Pseudonymous maker "Lame_Dave" has released the source code for a "Smart Girder" project, which adds an RGB LED display system to a structural girder in order to display useful information — including train times.
"It's loading data from my MQTT server," Lame_Dave explains of the eye-catching display, "which is a combination of scripts and Home Assistant. "Pleasingly it all fits exactly inside the girder running along the side of my flat. If I move, the new place will have to have a girder."
The display itself is made up of four RGB LED matrices, driven by an Adafruit Matrix Portal. Where the Matrix Portal was designed for use with CircuitPython, however, Lame_Dave took the project in a different direction: "I could not get it working reliably with CircuitPython despite spending weeks trying," he explains, "so it's all in Arduino."

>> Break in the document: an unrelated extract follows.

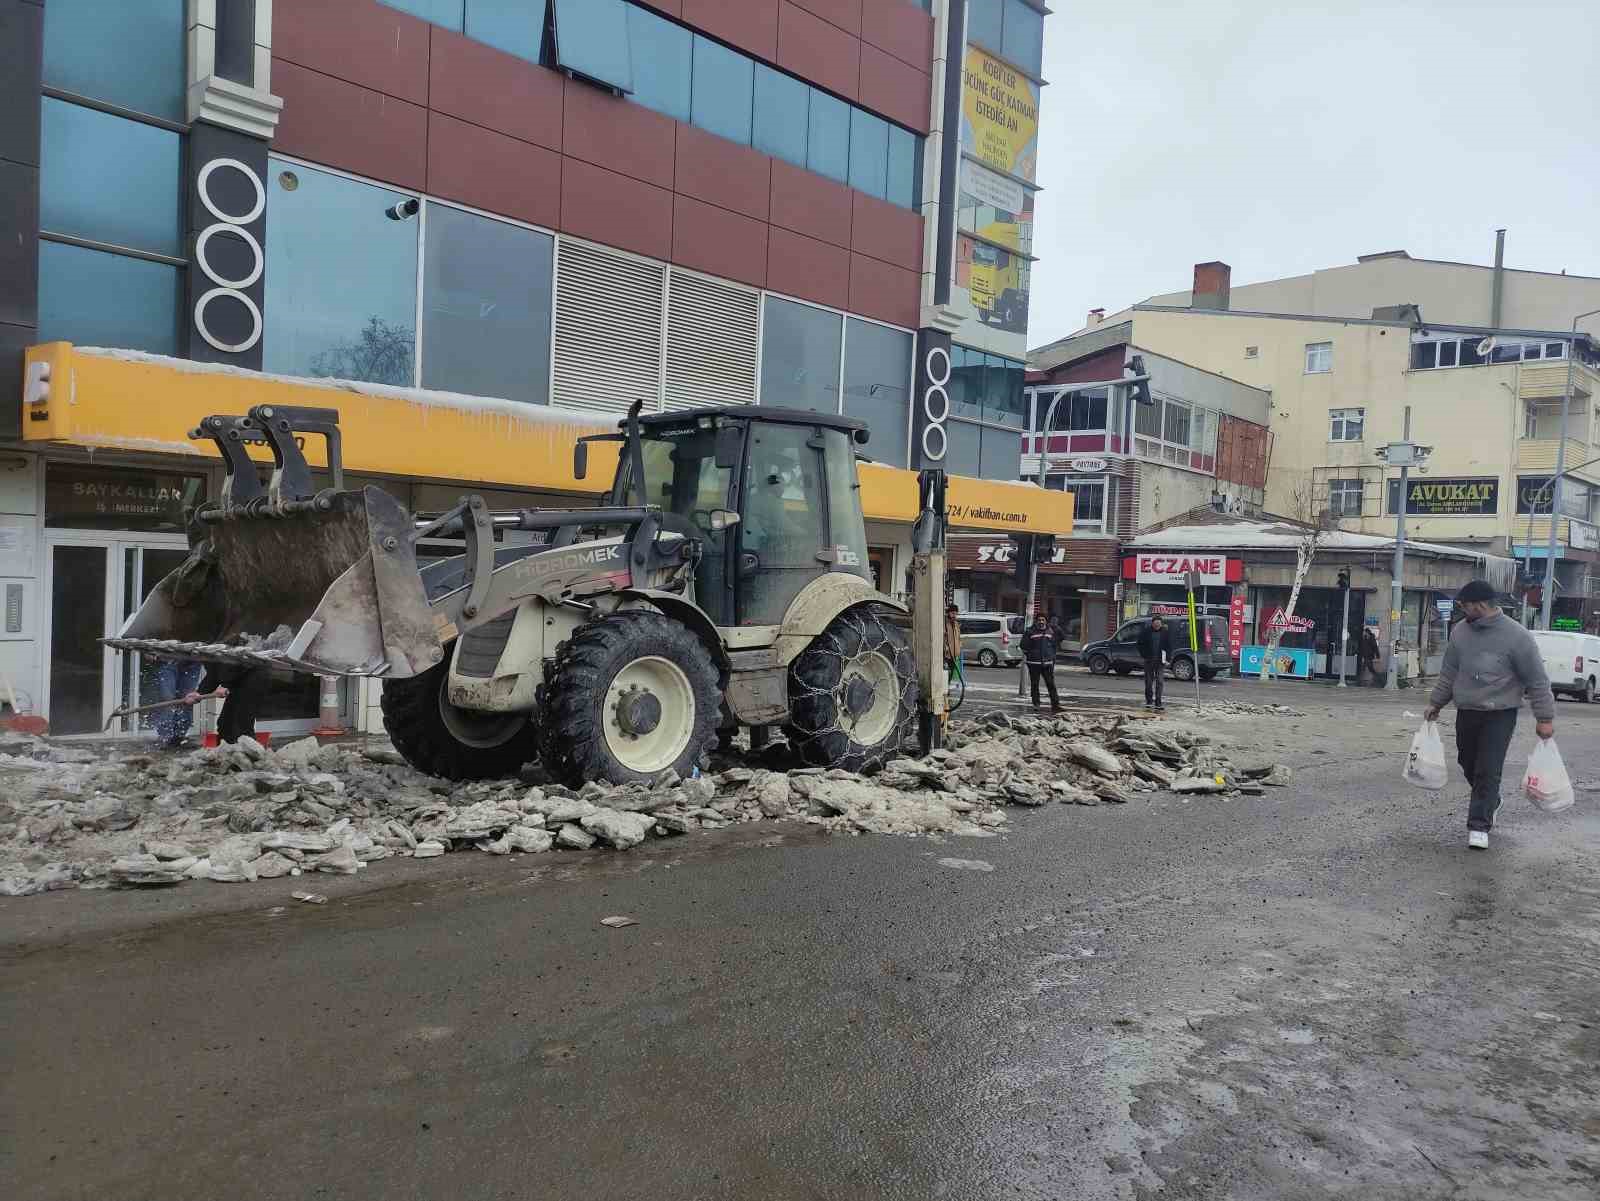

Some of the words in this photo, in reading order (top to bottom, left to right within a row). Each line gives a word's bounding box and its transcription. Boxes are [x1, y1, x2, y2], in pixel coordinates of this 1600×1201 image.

The Smart Girder offers a range of informational displays, one category to each of the four panels: Train times pulled from the Transport for London (TFL) application programming interface (API); network information including bandwidth usage, number of clients connected, and data usage graphs; a Home Assistant dashboard including heating and temperature data, air quality, and car battery levels, along with details on overhead flights and a tracking system for when the car's away from home; and live weather with date and time display.

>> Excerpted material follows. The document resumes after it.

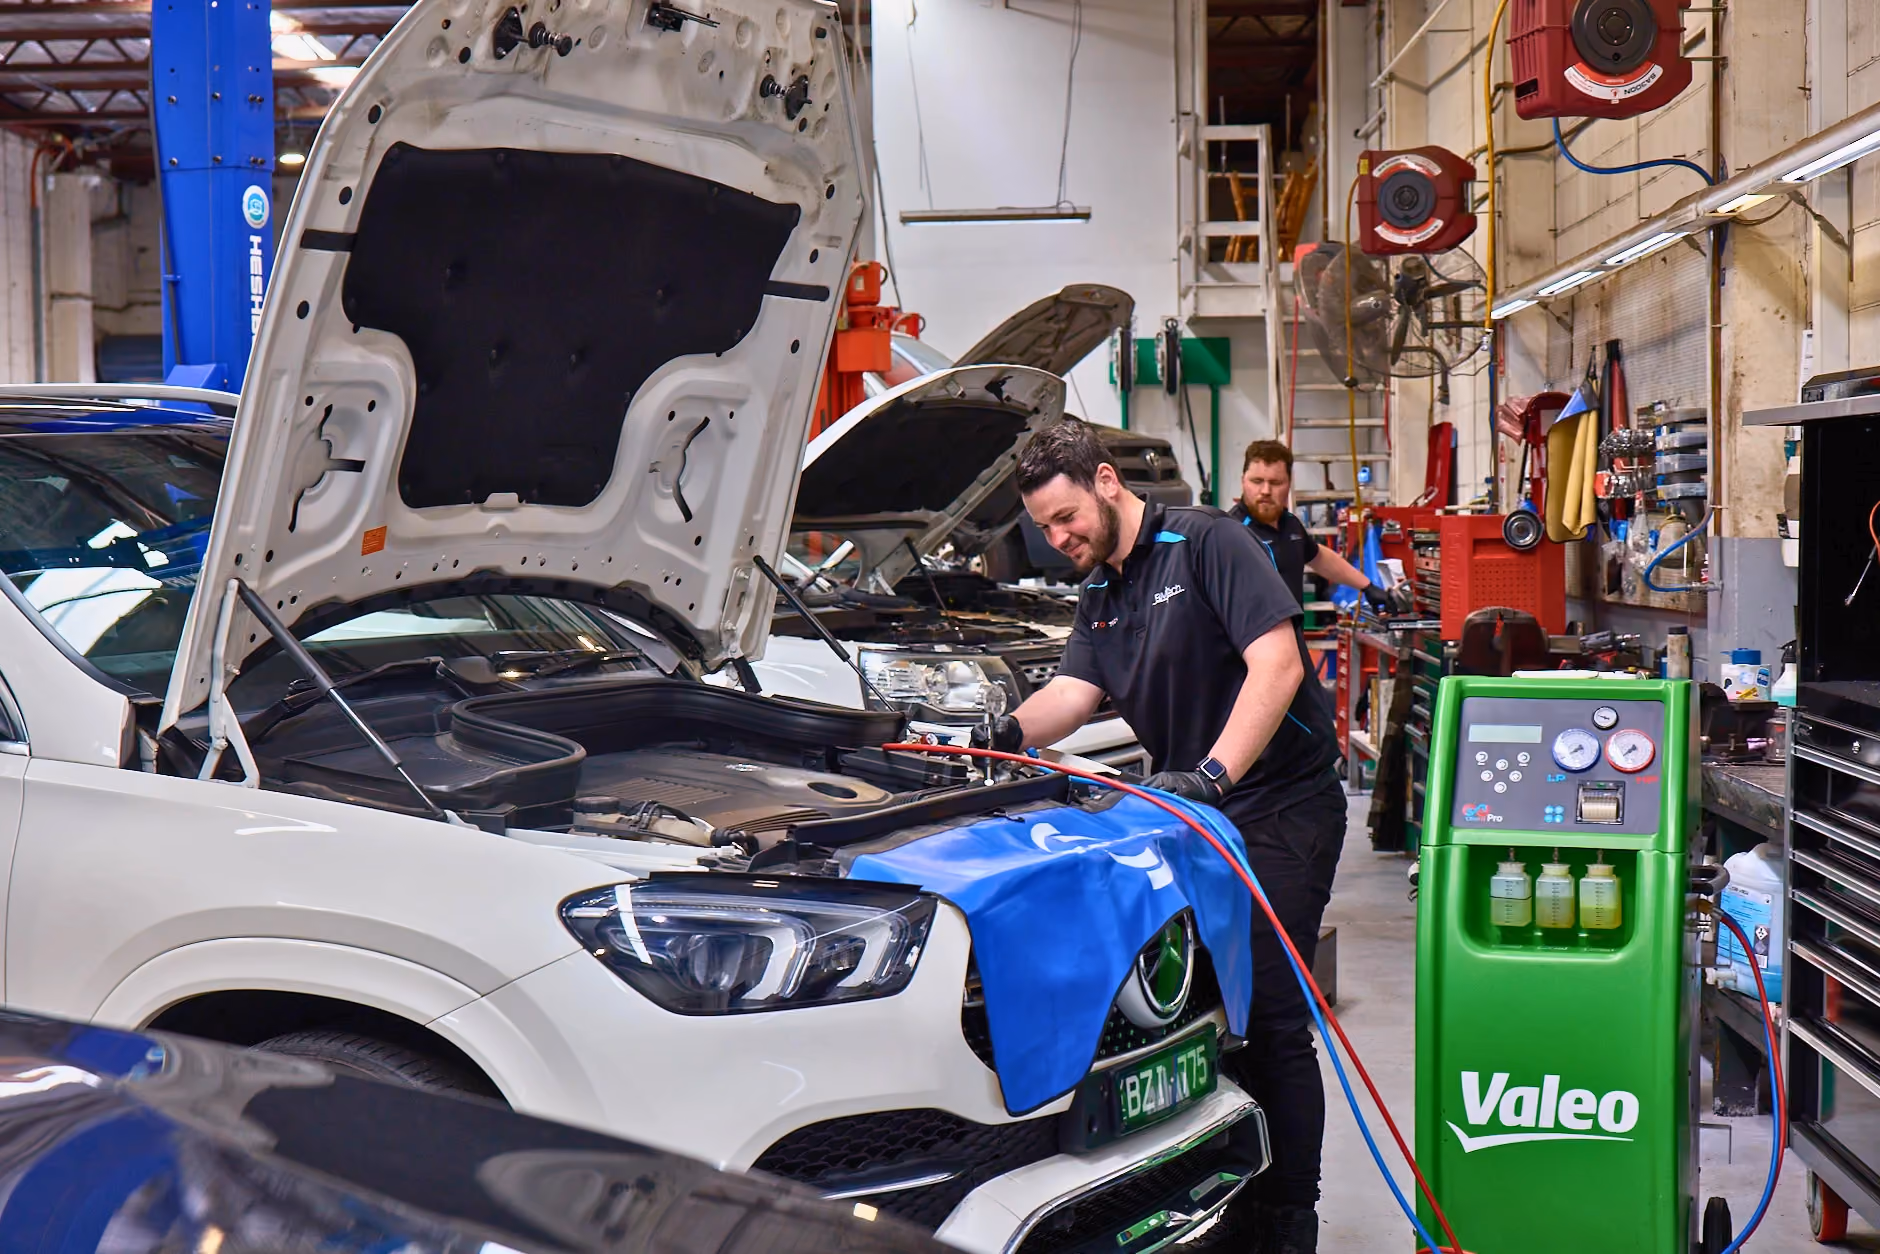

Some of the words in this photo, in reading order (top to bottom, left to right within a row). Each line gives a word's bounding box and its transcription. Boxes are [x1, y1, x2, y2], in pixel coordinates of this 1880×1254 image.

[1547, 774, 1566, 783] LP
[1487, 814, 1503, 822] Pro
[1461, 1071, 1640, 1133] Valeo

"When I started coding the [Matrix] Portals with CircuitPython the most I could get one to handle was two panels," Lame_Dave notes, "so I was planning to double up. But then I switched to Arduino code and ended up only needing one to drive everything. Using Python I'd easily use up all the memory doing simple seeming stuff with one panel."
The source code for the project has been published to GitHub under an unspecified open-source license; more details are available in Lame_Dave's Reddit thread.